Ingredients
• 1 cup all-purpose flour
• 1/4 cup rice flour
• 1 1/2 cups water
• 1 cup well-fermented kimchi, chopped
• 1/4 cup kimchi juice
• 1/2 teaspoon salt
• 2 green onions, chopped
• 1 small carrot, julienned
• 1/2 medium onion, thinly sliced
• Vegetable oil for frying
- In a large mixing bowl, combine 1 cup all-purpose flour, 1/4 cup rice flour, and 1/2 teaspoon salt.
- Pour in 1 1/2 cups of water and stir until the batter is smooth.
- Add 1 cup of well-fermented kimchi, chopped, along with 1/4 cup of kimchi juice to the batter.
- Toss in 2 chopped green onions, 1 small julienned carrot, and 1/2 a thinly sliced medium onion into the bowl.
- Stir the vegetable and kimchi mixture into the batter until everything is well incorporated.

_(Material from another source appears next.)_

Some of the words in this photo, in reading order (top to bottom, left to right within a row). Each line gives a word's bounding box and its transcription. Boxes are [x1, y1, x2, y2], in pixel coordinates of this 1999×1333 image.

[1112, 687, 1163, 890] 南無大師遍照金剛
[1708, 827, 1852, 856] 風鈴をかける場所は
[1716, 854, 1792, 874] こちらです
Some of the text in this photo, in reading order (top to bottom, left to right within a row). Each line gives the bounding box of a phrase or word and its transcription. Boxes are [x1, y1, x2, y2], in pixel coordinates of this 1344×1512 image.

- Heat a non-stick pan over medium heat and add a thin layer of vegetable oil to coat the bottom.
- Spoon the batter into the pan, forming pancakes of your desired size.

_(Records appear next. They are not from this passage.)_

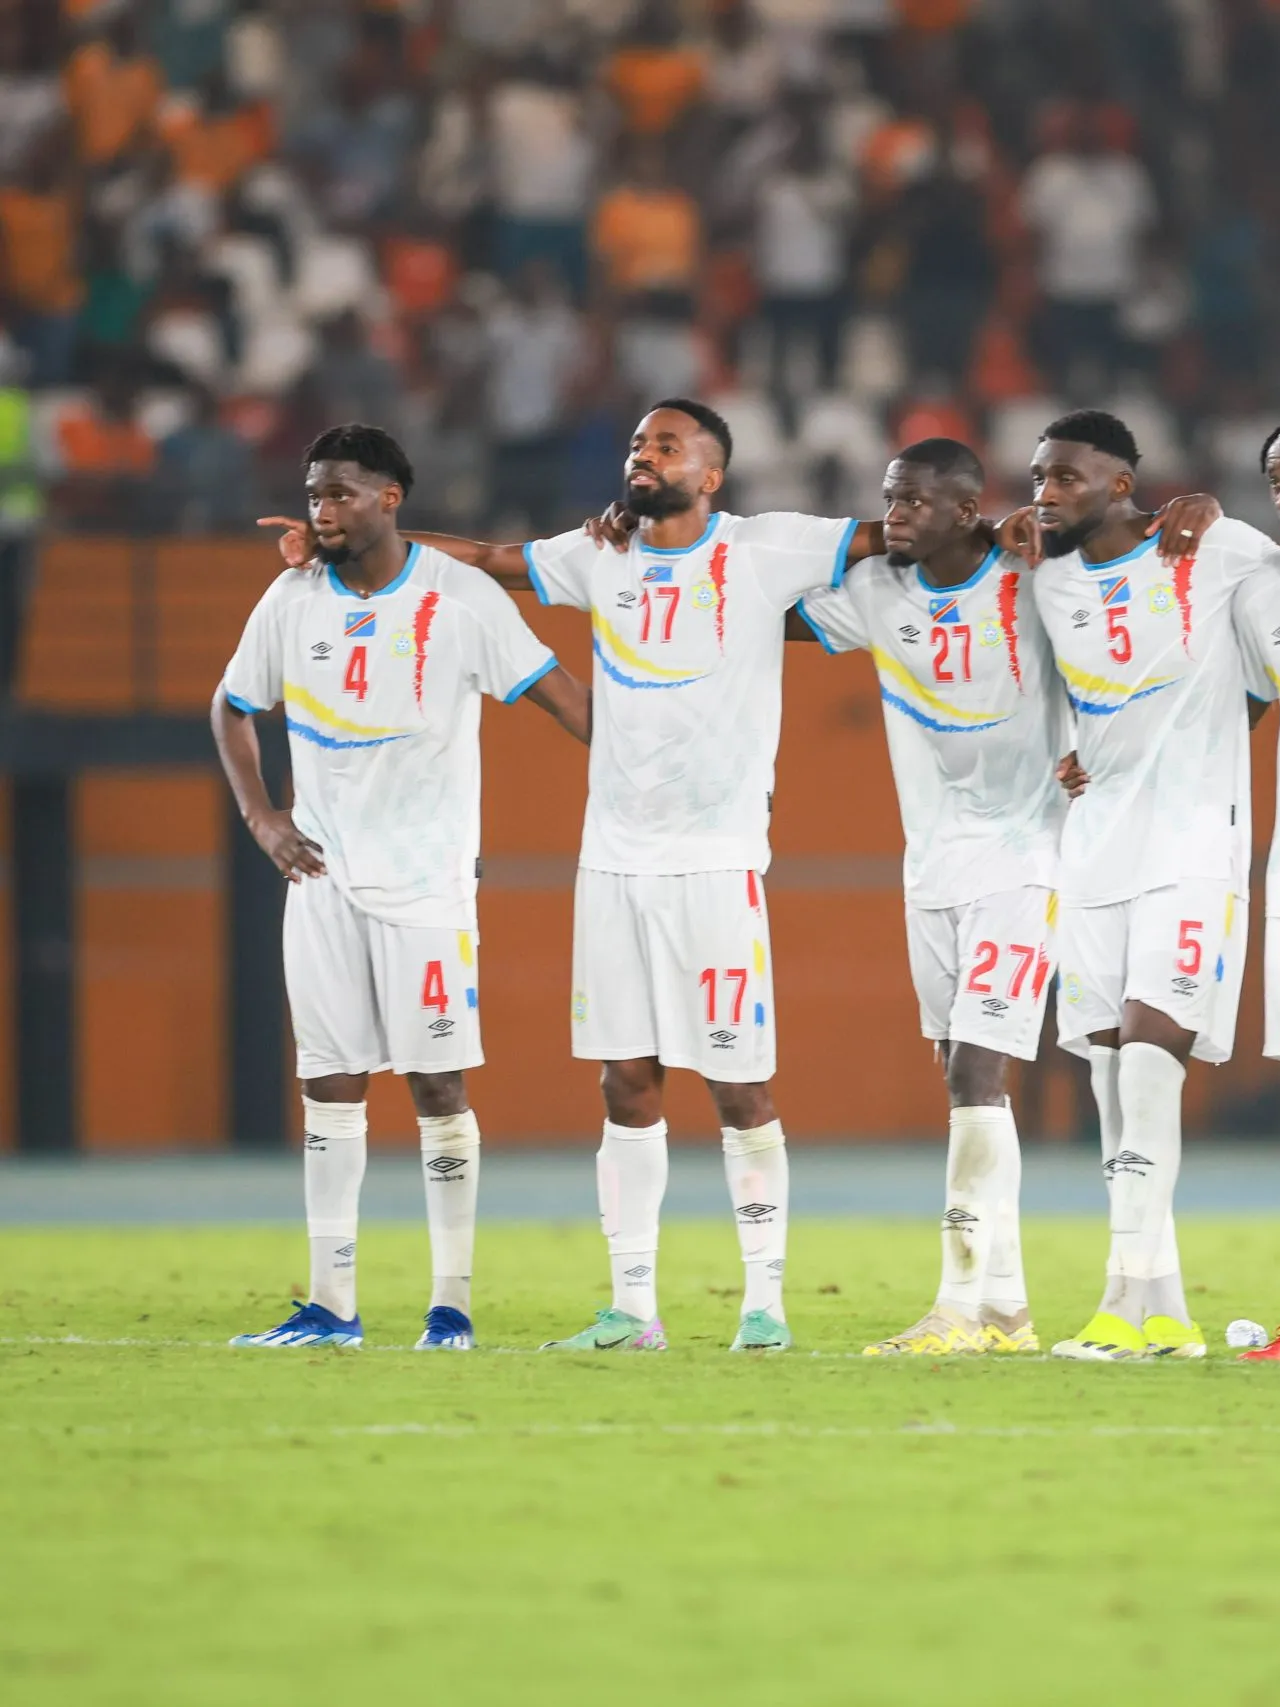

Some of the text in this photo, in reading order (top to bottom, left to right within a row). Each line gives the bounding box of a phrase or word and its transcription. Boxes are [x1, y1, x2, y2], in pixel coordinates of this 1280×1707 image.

[640, 587, 681, 644] 17
[1106, 606, 1132, 665] 5
[342, 645, 368, 702] 4
[930, 624, 973, 682] 27
[964, 940, 1036, 1001] 27
[1175, 919, 1204, 977] 5
[421, 960, 449, 1017] 4
[698, 968, 748, 1026] 17

- Cook the pancakes for about 3-4 minutes on one side until the edges begin to crisp and turn golden brown.
- Carefully flip the kimchi pancakes and cook for an additional 3-4 minutes on the opposite side.
- Once both sides are golden brown and crispy, transfer the pancakes to a paper towel-lined plate to drain excess oil.

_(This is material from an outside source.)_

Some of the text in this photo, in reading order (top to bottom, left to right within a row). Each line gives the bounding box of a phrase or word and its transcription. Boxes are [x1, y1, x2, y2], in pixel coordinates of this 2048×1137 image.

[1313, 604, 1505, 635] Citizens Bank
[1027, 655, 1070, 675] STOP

- Repeat with the remaining batter, adding more vegetable oil to the pan as needed.
- Serve the Healthy Korean Kimchi Pancakes hot, with your choice of dipping sauce.
Q1: Can I make these kimchi pancakes gluten-free?
A1: Yes, you can make gluten-free kimchi pancakes by substituting the all-purpose flour with your preferred gluten-free flour blend. Make sure that your kimchi and other ingredients are also certified gluten-free.
Q2: What can I use if I don’t have rice flour?
A2: If you don’t have rice flour, you can use more all-purpose flour in its place. Alternatively, for a similar texture, you could try using cornstarch or another fine starch.
Q3: Is there an alternative to frying the pancakes in oil?
A3: For a lighter version, you could use a non-stick pan and a minimal amount of oil to reduce the fat content. Alternatively, you may use a well-seasoned cast-iron skillet or bake them in the oven on a parchment-lined tray, though the texture might differ from traditional frying.